Naturally, the two were in on the shtick. At that moment, VMware was launching Project Pacific, an effort to make its central platform, vSphere, Kubernetes native. The strategy, coupled with the rest of VMware's solutions, lets the company reduce layers of complexity for customers.
Kubernetes is reshaping the way industries use cloud computing by enabling multicloud strategies. The technology has evolved from a small open source project into a standard bearer. Gartner projects three-quarters of companies will run "containerized applications in production" by 2022.
The move towards Kubernetes-nativity is only one sign of a broader strategy playing out at VMware, one of the five companies Forrester projects will have staying power in Kubernetes-based cloud platforms.
In its approach, VMware has disrupted industry by keeping a sharp focus on flexibility and its desire to stand out in a market headed toward consolidation.
Virtualization expansion
VMware was founded near the peak of the dot-com era in 1998. It operated in stealth mode until the 1999, when it launched its flagship virtualization platform, VMware Workstation.
By the mid-2000s, flush with cash after being acquired by EMC in 2004, VMware was the "hot new company" breaking into the field, according to Glenn O'Donnell, VP and research director at Forrester. In 2016, Dell merged with EMC creating mega company Dell Technologies.
"From the start of our history we've had this uncanny ability to bridge across these cycles of innovation."
Pat Gelsinger
CEO at VMware
"The fact we're talking about them as a legacy vendor blows my mind," said O'Donnell, in an interview with CIO Dive. "Because they were the innovator that came along and changed everything."
Though the company had gotten comfortable with the success of its virtualization solution, that approach is changing, O'Donnell said. In the multicloud era, VMware is working to strengthen its market stance with an eye toward longevity.
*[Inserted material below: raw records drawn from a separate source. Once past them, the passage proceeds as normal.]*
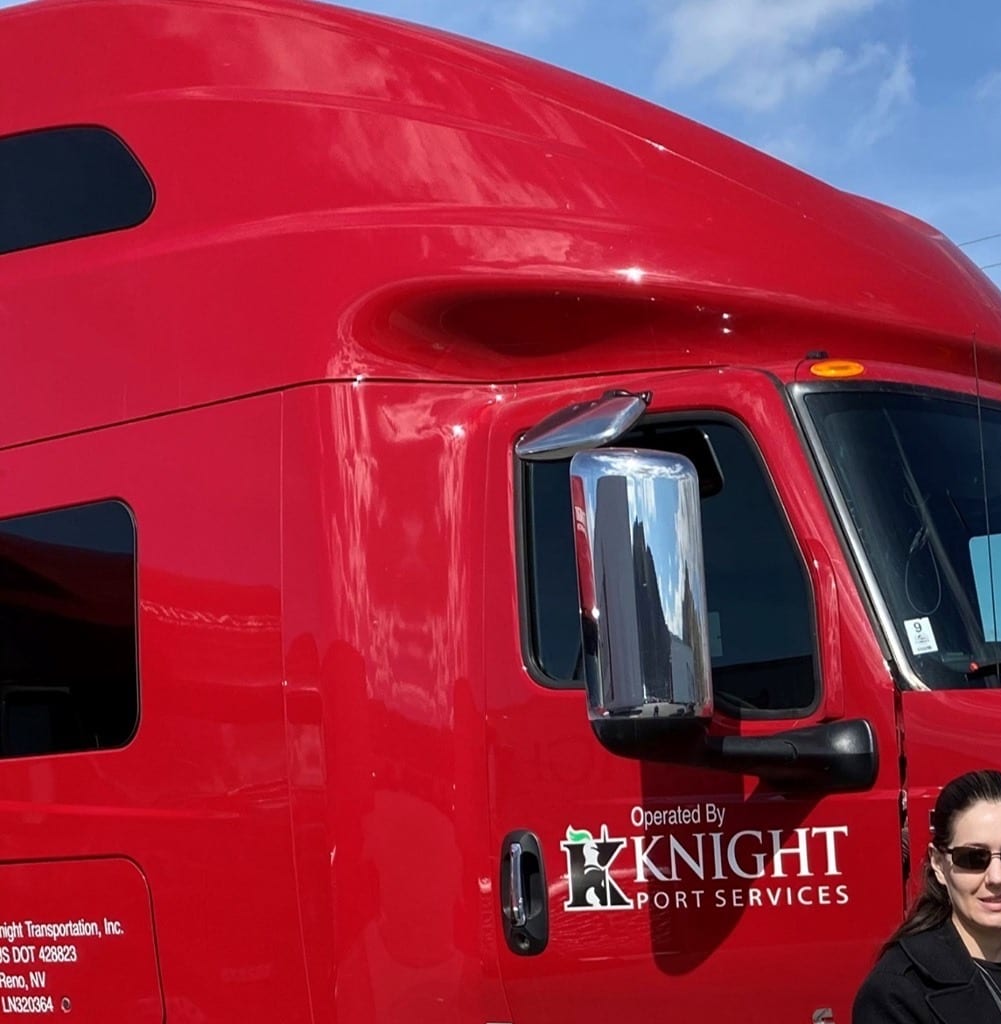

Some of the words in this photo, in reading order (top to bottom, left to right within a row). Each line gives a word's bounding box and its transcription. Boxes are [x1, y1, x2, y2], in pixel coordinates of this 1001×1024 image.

[631, 804, 700, 830] Operated
[706, 803, 725, 827] By
[630, 826, 848, 883] KNIGHT
[637, 891, 704, 910] PORT
[715, 885, 849, 908] SERVICES
[0, 921, 23, 942] night
[25, 919, 101, 941] Transportation,
[104, 918, 124, 935] Inc.
[12, 946, 35, 963] DOT
[39, 946, 77, 962] 428823
[0, 972, 28, 991] Reno,
[29, 971, 46, 988] NV
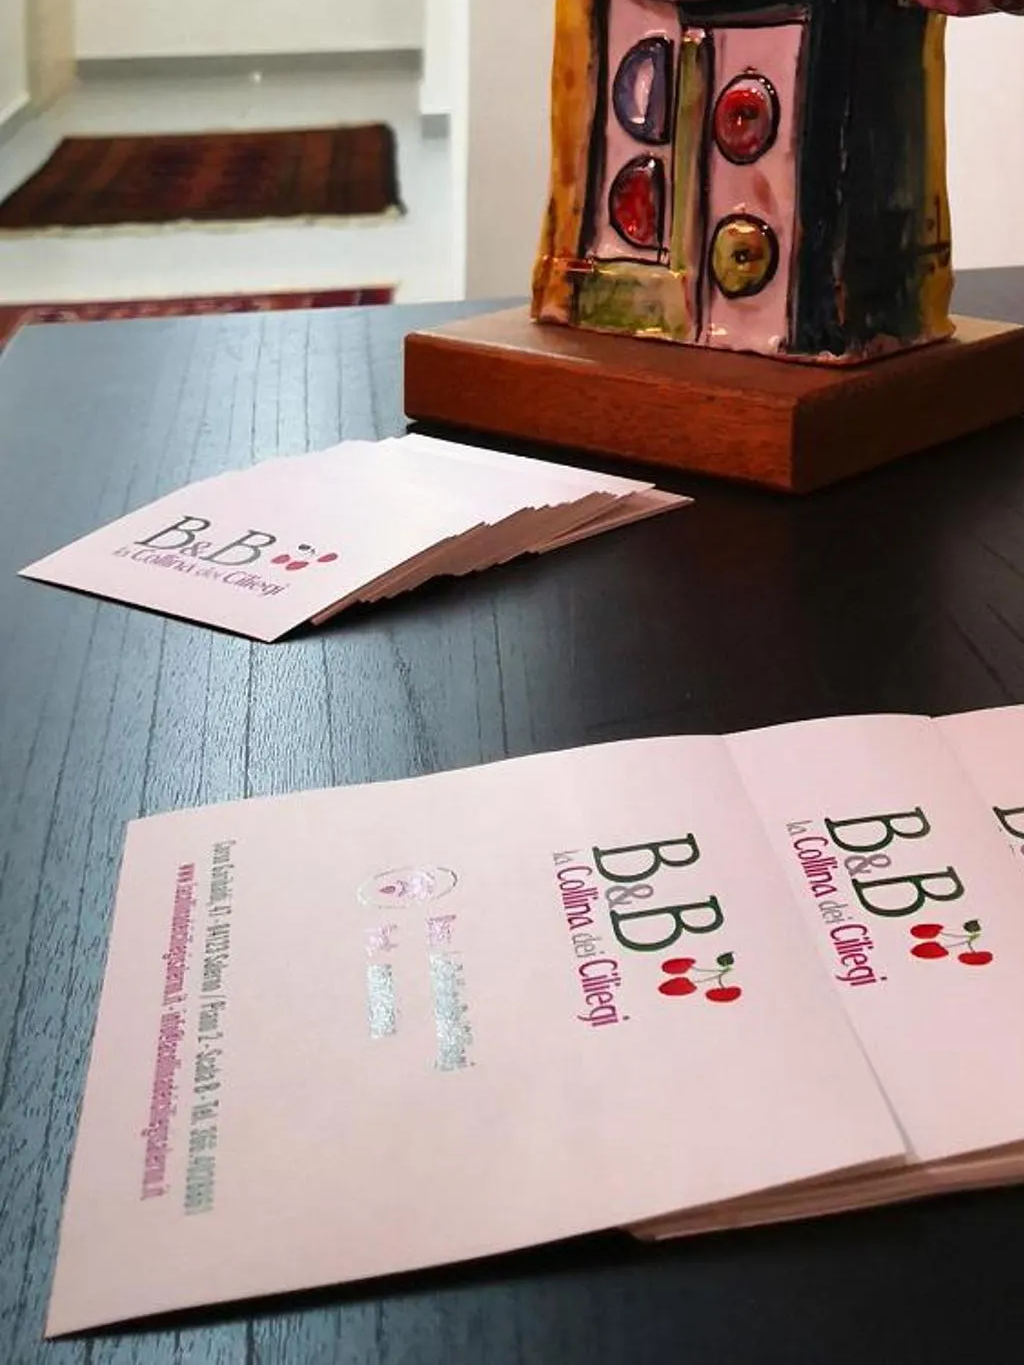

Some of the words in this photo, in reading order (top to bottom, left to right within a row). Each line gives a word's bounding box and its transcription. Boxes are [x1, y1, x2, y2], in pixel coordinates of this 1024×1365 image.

[131, 548, 194, 573] Collina
[134, 516, 277, 567] B&B
[592, 832, 724, 952] B&B
[793, 835, 839, 899] Collina
[824, 806, 966, 918] B&B
[556, 864, 599, 931] Collina
[818, 899, 848, 924] dei
[571, 932, 605, 959] dei
[829, 923, 889, 988] Ciliegi
[577, 958, 630, 1027] Ciliegi
So far, the disruption playbook is working. The company closed its last fiscal year with $9 billion in revenue, a 14% increase year-over-year.
VMware stays disruptive by following one overarching edict: focusing on the problems it knows how to solve, and doing it well.
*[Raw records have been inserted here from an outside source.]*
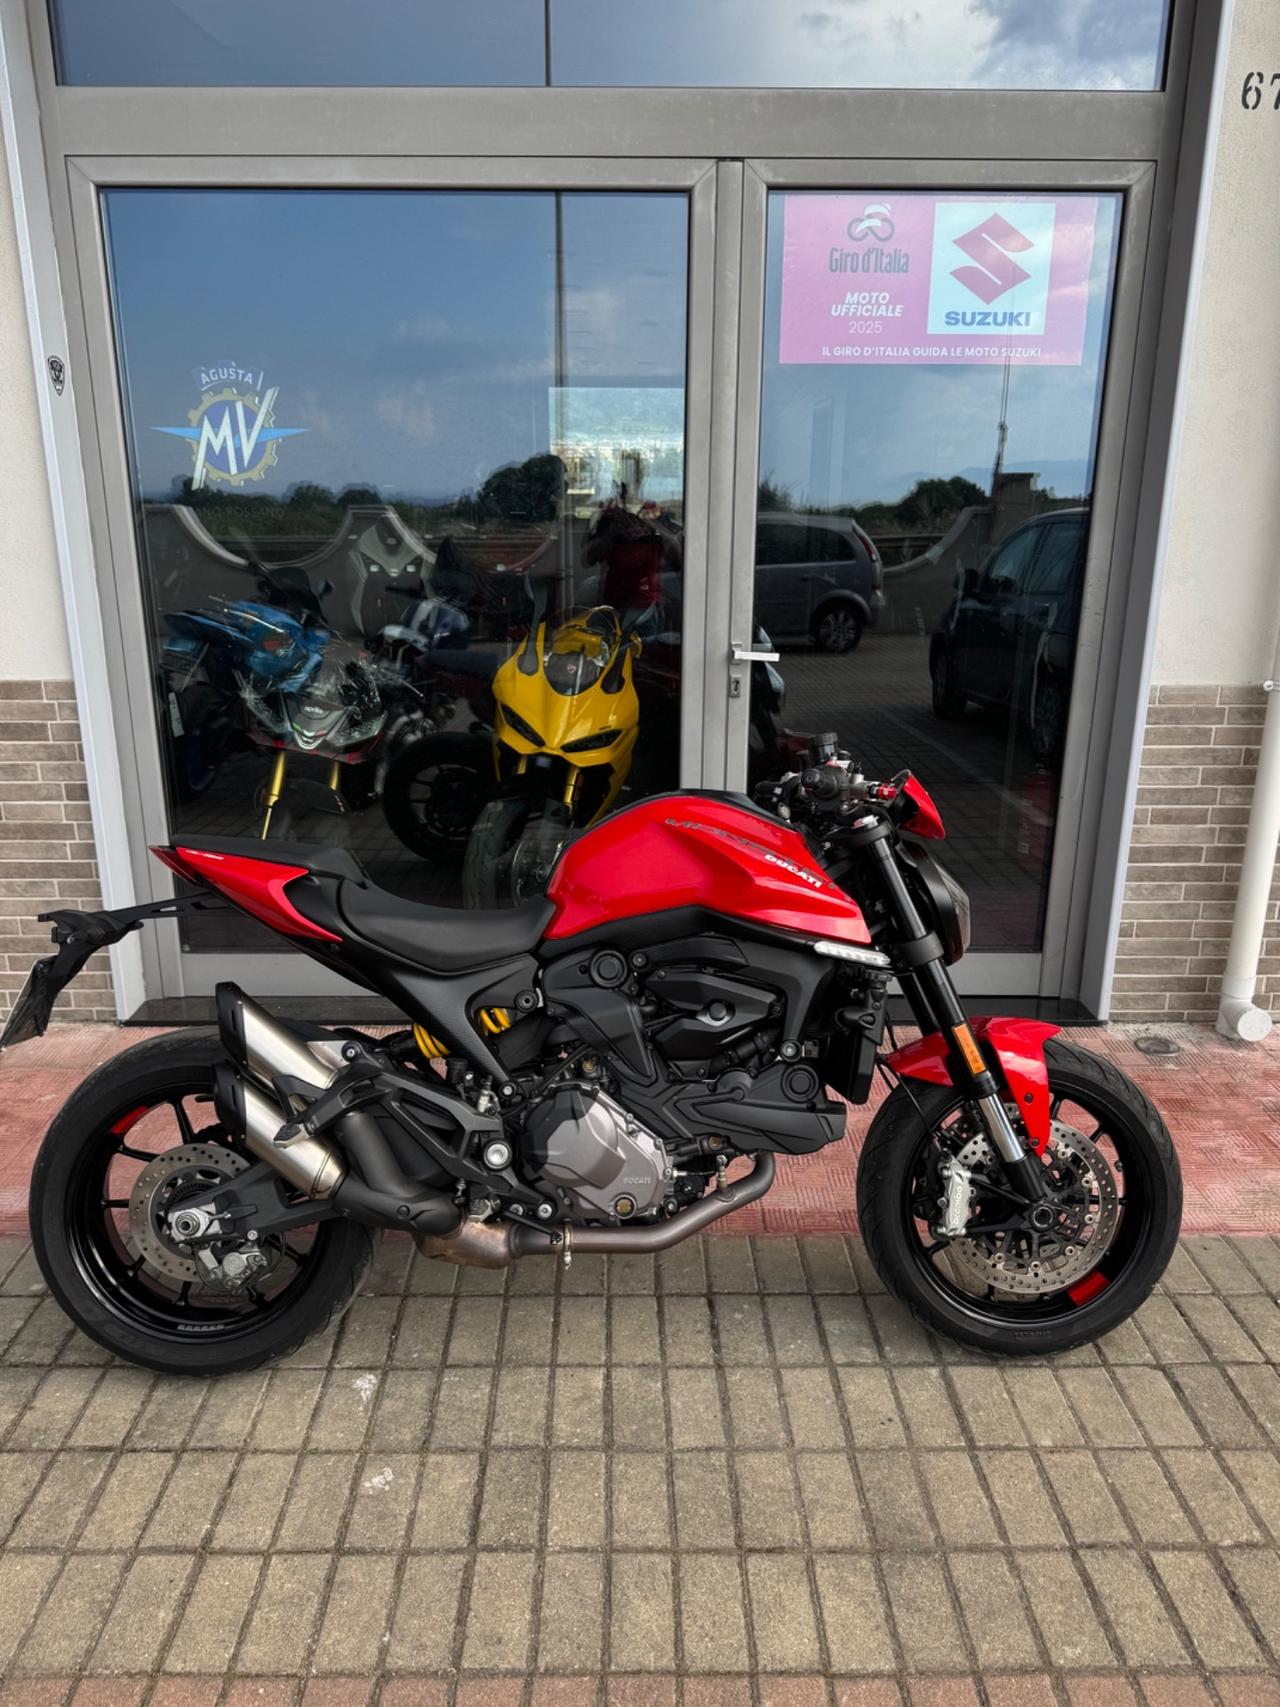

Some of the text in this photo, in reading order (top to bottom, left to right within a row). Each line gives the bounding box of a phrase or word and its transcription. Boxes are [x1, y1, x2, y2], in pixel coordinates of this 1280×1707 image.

[828, 247, 910, 273] Giro d'Italia
[844, 292, 890, 305] MOTO
[831, 304, 903, 317] UFFICIALE
[944, 311, 1032, 327] SUZUKI
[848, 321, 883, 334] 2025
[821, 346, 1041, 358] IL GIRO D'ITALIA GUIDA LE MOTO SUZUKI
[201, 367, 254, 385] AGUSTA
[192, 386, 277, 491] MV
[763, 853, 824, 889] DUCATI
To get there, VMware works to ensure its products allow consistent security, but embrace flexibility as its design principle, said Chris Wolf, vice president and CTO of global field and industry at VMware, in an interview with CIO Dive.
Wolf said people were prognosticating the end of VMware amid cloud computing's rapid expansion around the time he joined the company in 2014.
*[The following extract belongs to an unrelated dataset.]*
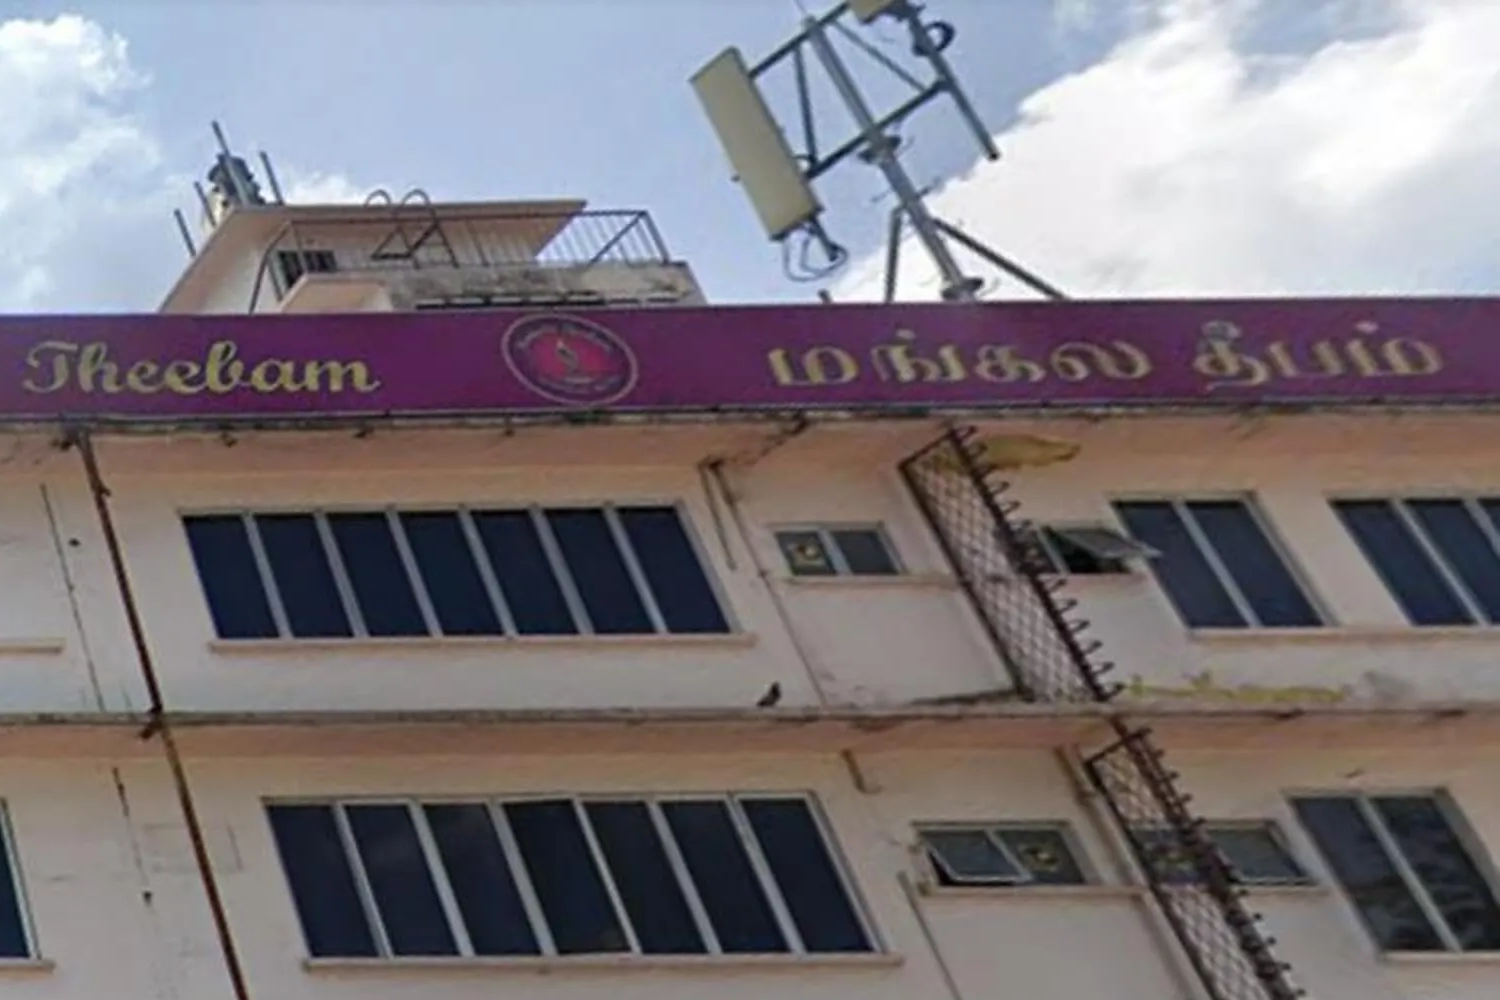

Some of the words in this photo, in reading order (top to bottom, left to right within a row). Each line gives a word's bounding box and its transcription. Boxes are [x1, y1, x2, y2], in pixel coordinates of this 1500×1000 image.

"I was actually excited to join [VMware], because I didn't believe cloud would be reduced to a small number of providers," Wolf said.
A series of acquisitions have further contributed to the expansion of the company's capabilities. The two most recent examples are cybersecurity firm Carbon Black and software development platform Pivotal.
"This is key to disruption: the transition of cloud from 'a place' to an operating model."
Chris Wolf
VP and CTO of global field and industry at VMware.
Project Pacific "isn’t only about running Kubernetes on our platform, but providing a standard way for partners to build in our platform too," Wolf said. "This is key to disruption: the transition of cloud from 'a place' to an operating model."
Disruption playbook
Innovating on its platform has been a key motivator for VMware. It's a strategy Gelsinger often lays out.
"From the start of our history we've had this uncanny ability to bridge across these cycles of innovation," Gelsinger said at the beginning of its annual user conference in 2018.
But how does the company decide what's worthwhile? An essential step in its innovation process has to do with partner and customer collaboration.
In 2018, the company worked with "CTO ambassadors" to determine barriers of entry into network mesh technologies. The process helped inform the launch of VMware NSX Service Mesh.
"We spend a lot of time in co-innovation work," said Wolf. "We do this so that the products we build are meeting very specific and impactful needs. This lets us ensure that what we bring to market has the right tech fit and market fit."
Through its xLabs program, VMware looks internally for innovation opportunities. Any employee can pitch ideas for potential products and, if selected, get access to financial and staffing resources.
Innovative leadership comes from the top. Through acquisitions or internal growth, O'Donnell expects CEO Gelsinger to continue to execute his vision.
"He continues to silence the critics as to what's going on with VMware," O'Donnell said. "It is a company that's continuing to innovate."